___ Records shown ___

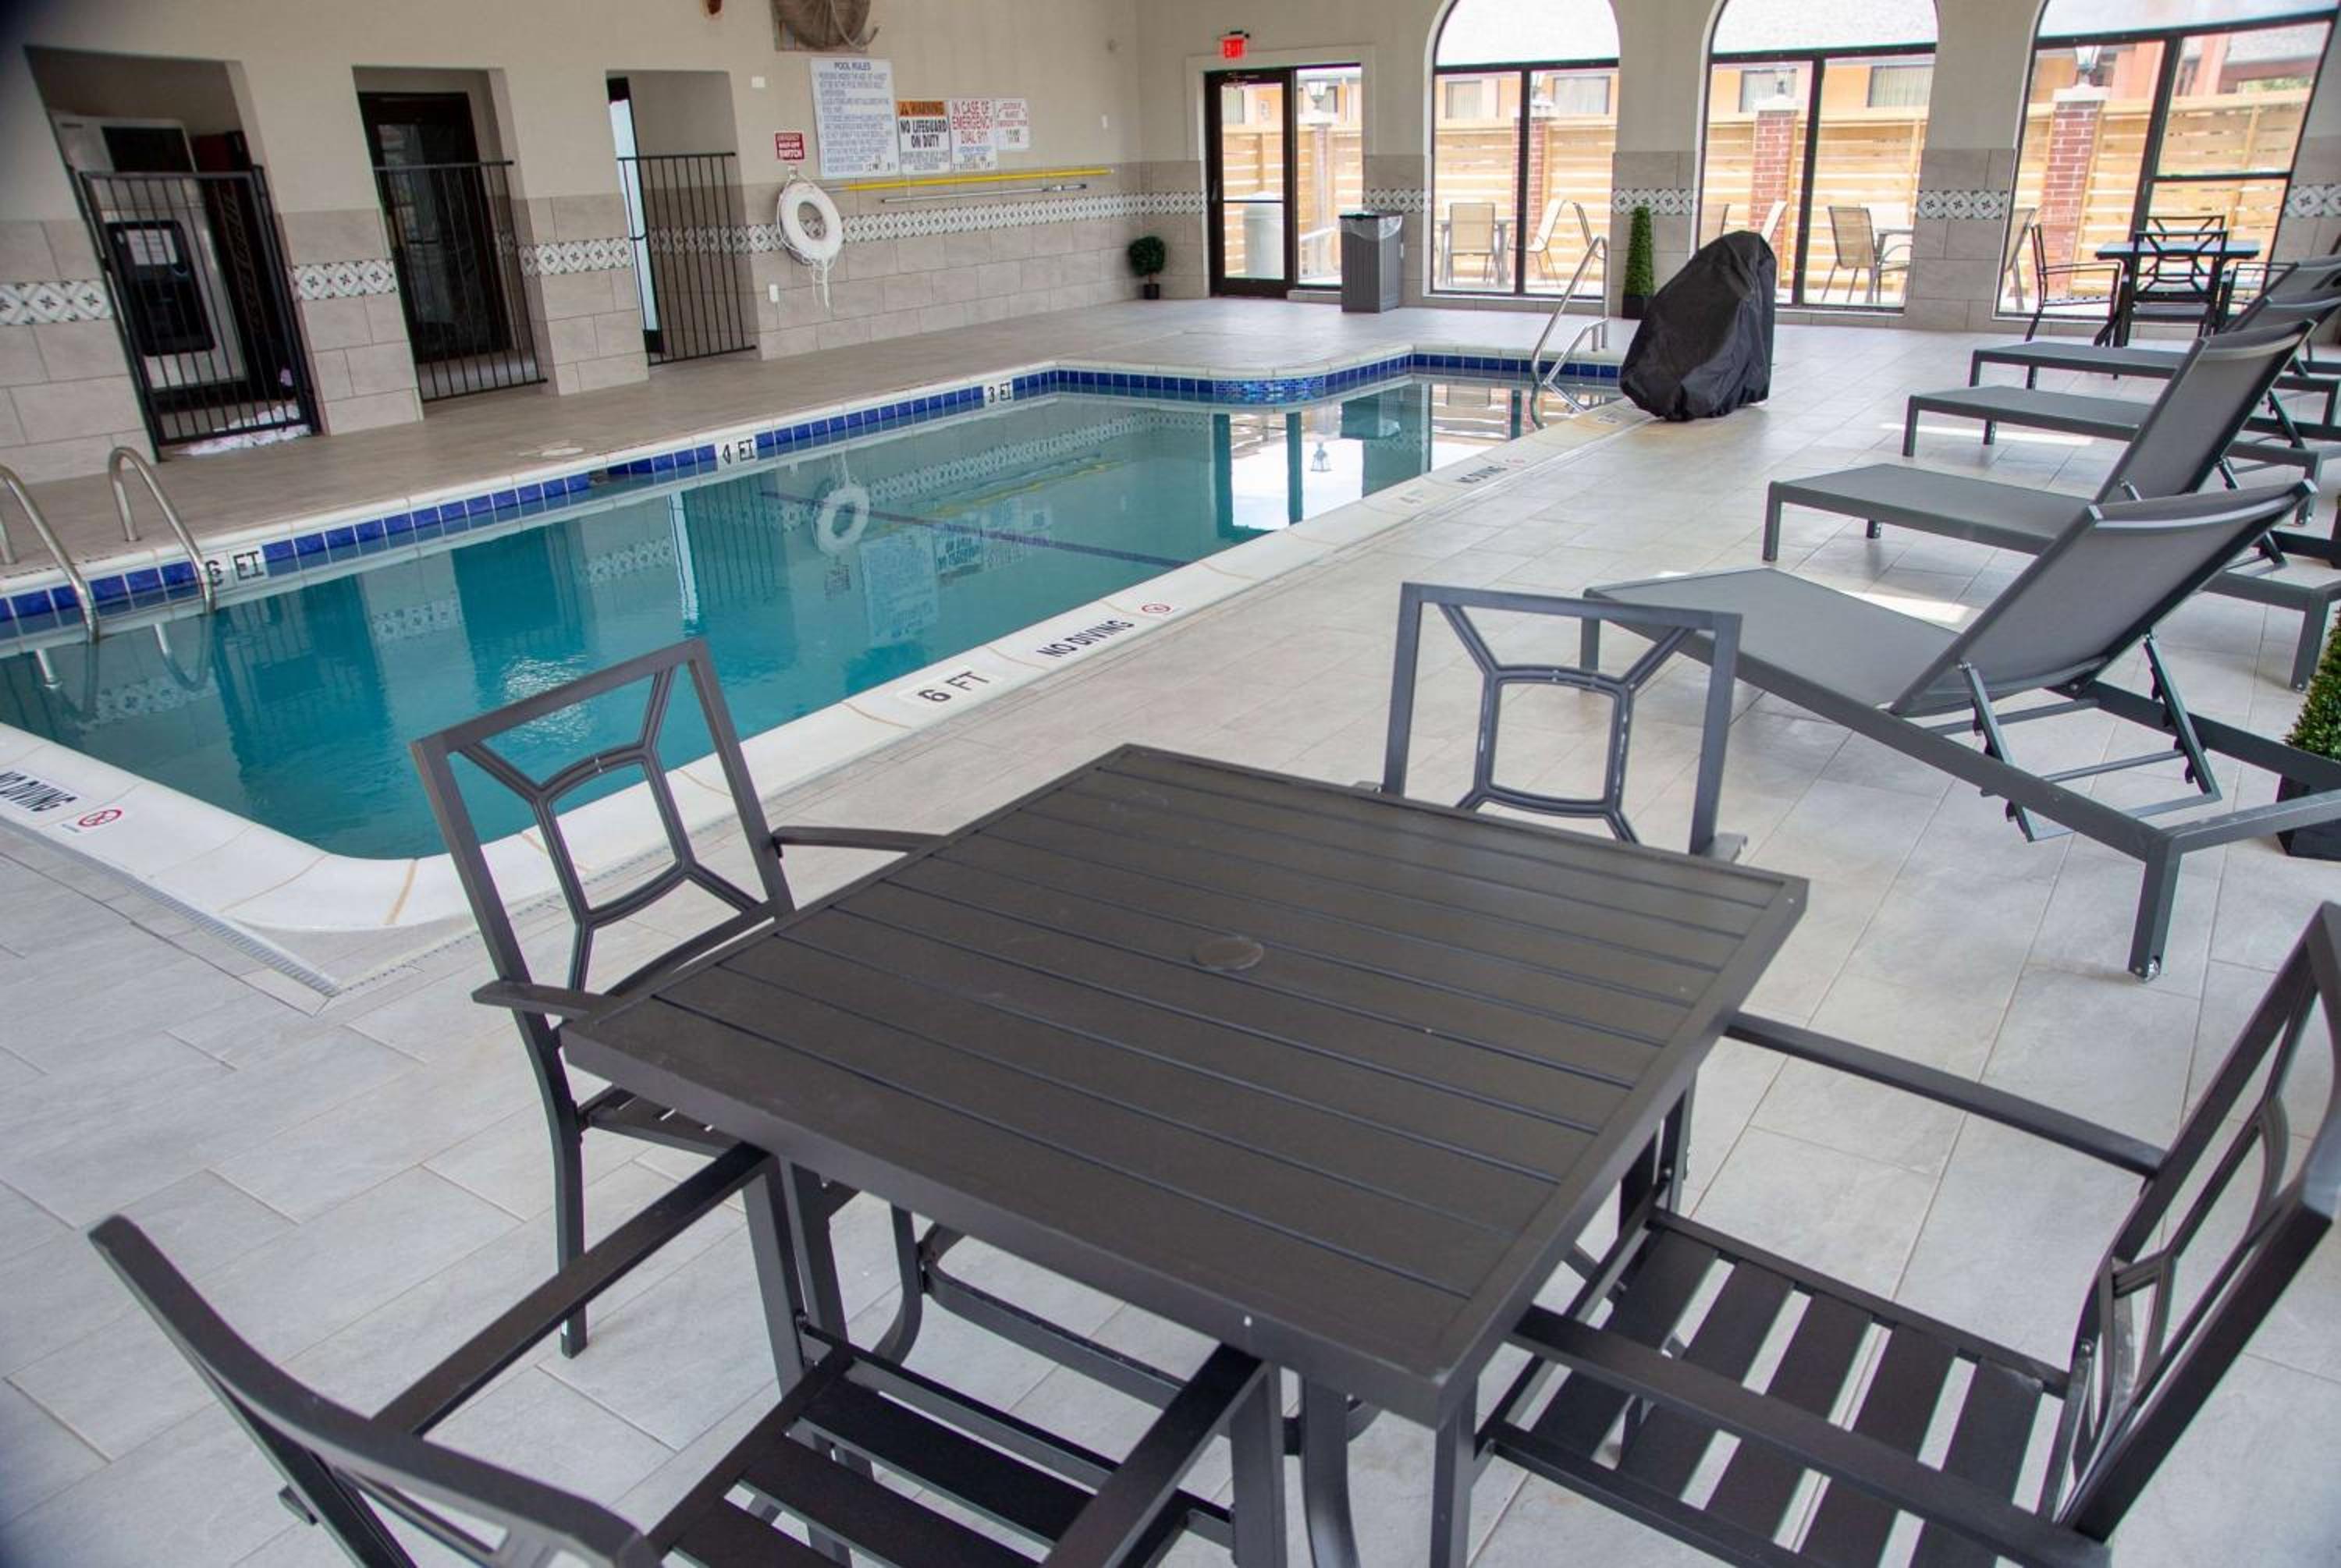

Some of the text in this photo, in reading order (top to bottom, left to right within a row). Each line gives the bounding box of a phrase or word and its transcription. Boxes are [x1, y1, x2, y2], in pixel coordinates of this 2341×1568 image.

[1224, 37, 1244, 54] EXIT
[834, 62, 872, 71] POOL RULES
[911, 102, 944, 115] WARNING
[953, 101, 961, 115] IN
[961, 101, 979, 115] CASE
[981, 101, 989, 114] OF
[900, 120, 911, 133] NO
[912, 119, 947, 133] LIFEGUARD
[952, 115, 993, 130] EMERGENCY
[911, 134, 940, 148] ON DUTY
[961, 130, 976, 144] DIAL
[987, 386, 995, 403] 3
[1036, 620, 1135, 658] NO DIVING
[917, 671, 990, 702] 6 FT
[0, 780, 78, 812] DIVING

___

▶ **Task instructions**:
Please give all of the material again, exactly, without the images.

▶ **Exercise answer**:
Some of the text in this photo, in reading order (top to bottom, left to right within a row). Each line gives the bounding box of a phrase or word and its transcription. Boxes are [x1, y1, x2, y2], in pixel coordinates of this 2341×1568 image.

[1224, 37, 1244, 54] EXIT
[834, 62, 872, 71] POOL RULES
[911, 102, 944, 115] WARNING
[953, 101, 961, 115] IN
[961, 101, 979, 115] CASE
[981, 101, 989, 114] OF
[900, 120, 911, 133] NO
[912, 119, 947, 133] LIFEGUARD
[952, 115, 993, 130] EMERGENCY
[911, 134, 940, 148] ON DUTY
[961, 130, 976, 144] DIAL
[987, 386, 995, 403] 3
[1036, 620, 1135, 658] NO DIVING
[917, 671, 990, 702] 6 FT
[0, 780, 78, 812] DIVING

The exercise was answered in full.